- What this task involves
Return each record verbatim, images excluded.

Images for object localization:

══════

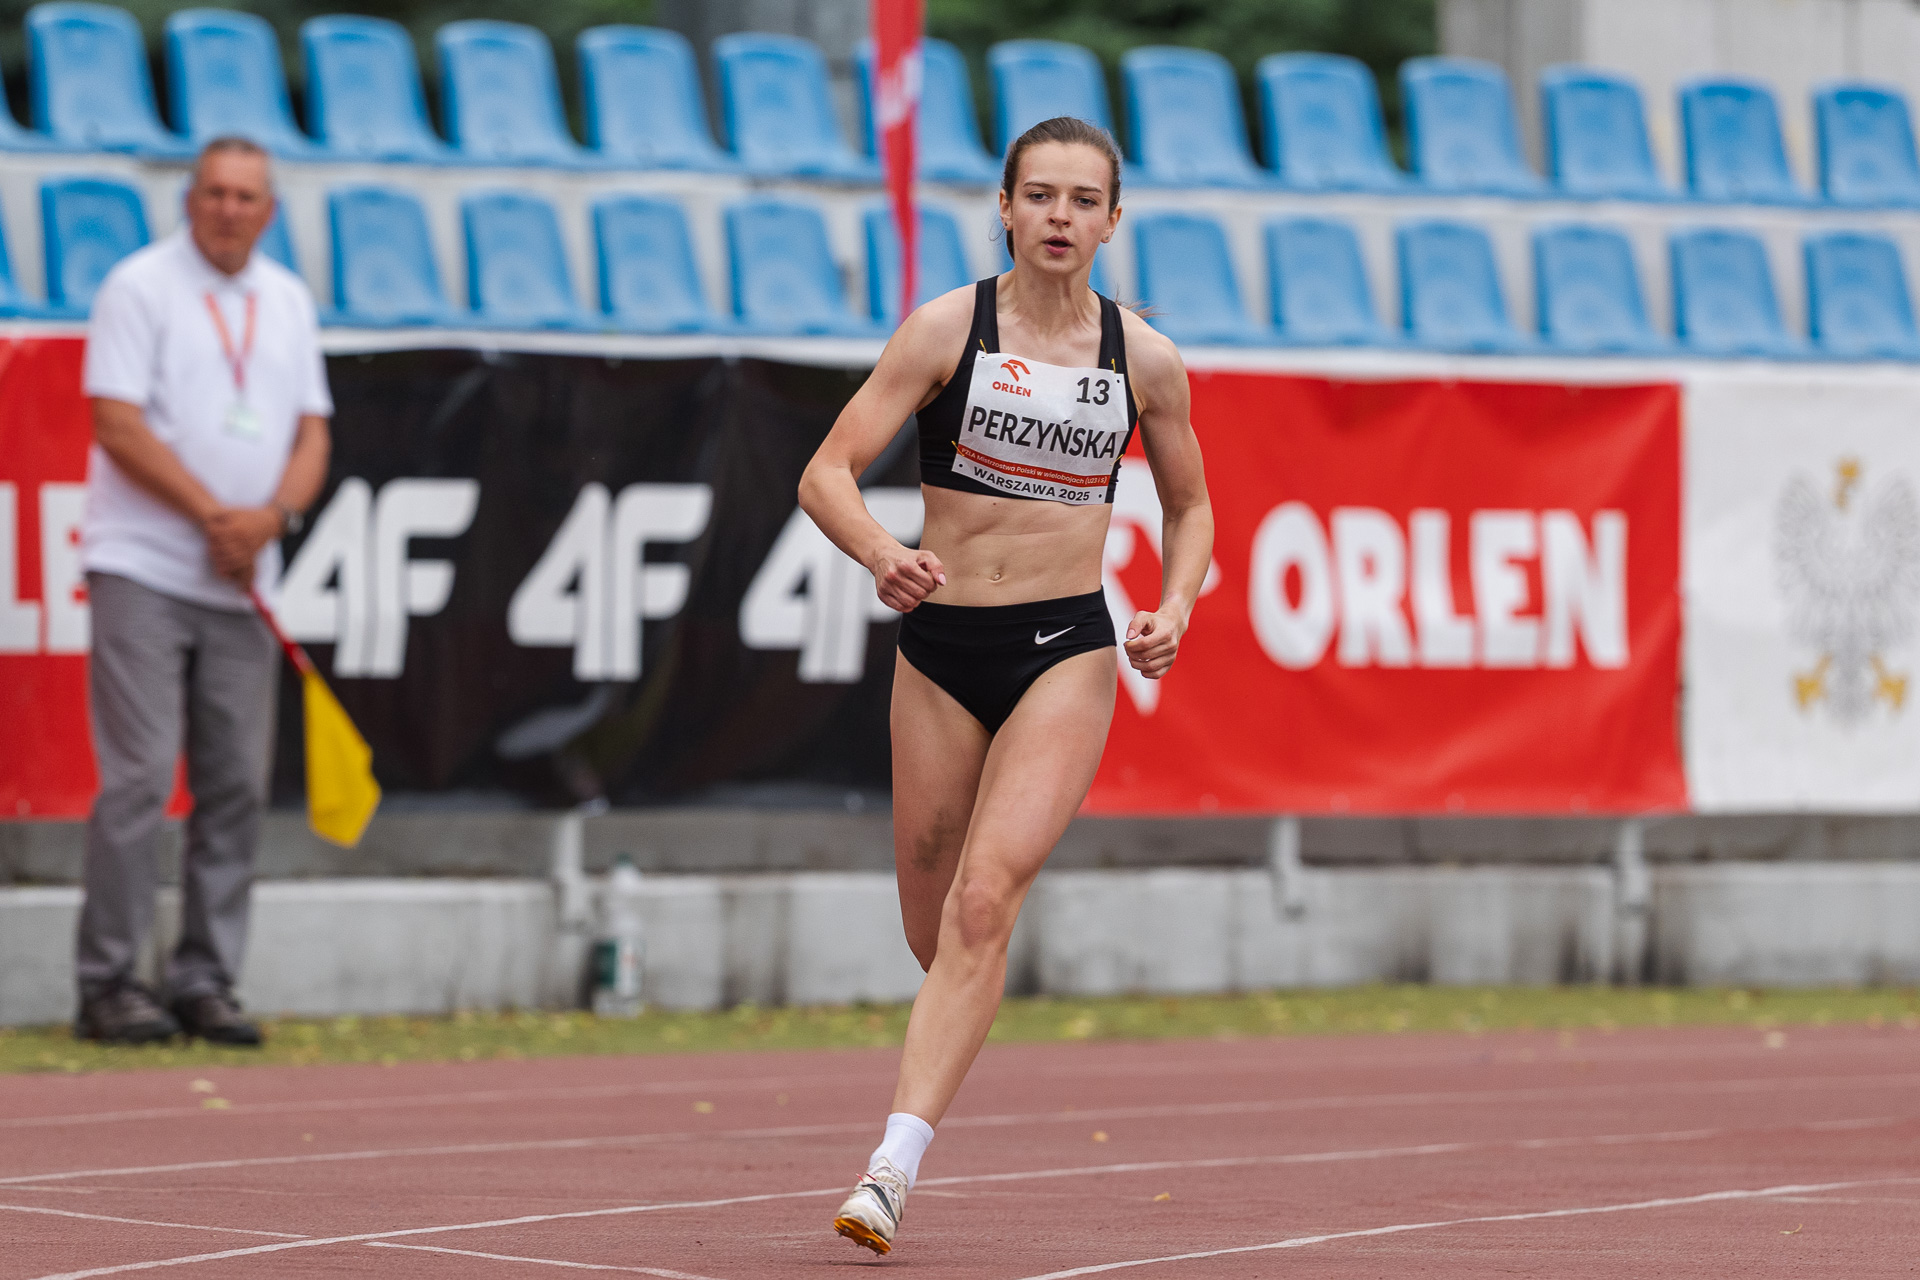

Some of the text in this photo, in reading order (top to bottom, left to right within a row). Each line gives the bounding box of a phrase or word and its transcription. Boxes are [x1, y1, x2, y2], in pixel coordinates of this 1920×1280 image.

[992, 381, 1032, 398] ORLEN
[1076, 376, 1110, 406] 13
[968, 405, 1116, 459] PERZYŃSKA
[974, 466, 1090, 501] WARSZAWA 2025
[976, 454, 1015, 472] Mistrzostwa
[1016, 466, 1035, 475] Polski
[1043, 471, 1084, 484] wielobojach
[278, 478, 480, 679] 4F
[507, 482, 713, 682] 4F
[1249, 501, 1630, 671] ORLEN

══════

- Output for this task
Some of the text in this photo, in reading order (top to bottom, left to right within a row). Each line gives the bounding box of a phrase or word and its transcription. Boxes are [x1, y1, x2, y2], in pixel coordinates of this 1920×1280 image.

[992, 381, 1032, 398] ORLEN
[1076, 376, 1110, 406] 13
[968, 405, 1116, 459] PERZYŃSKA
[974, 466, 1090, 501] WARSZAWA 2025
[976, 454, 1015, 472] Mistrzostwa
[1016, 466, 1035, 475] Polski
[1043, 471, 1084, 484] wielobojach
[278, 478, 480, 679] 4F
[507, 482, 713, 682] 4F
[1249, 501, 1630, 671] ORLEN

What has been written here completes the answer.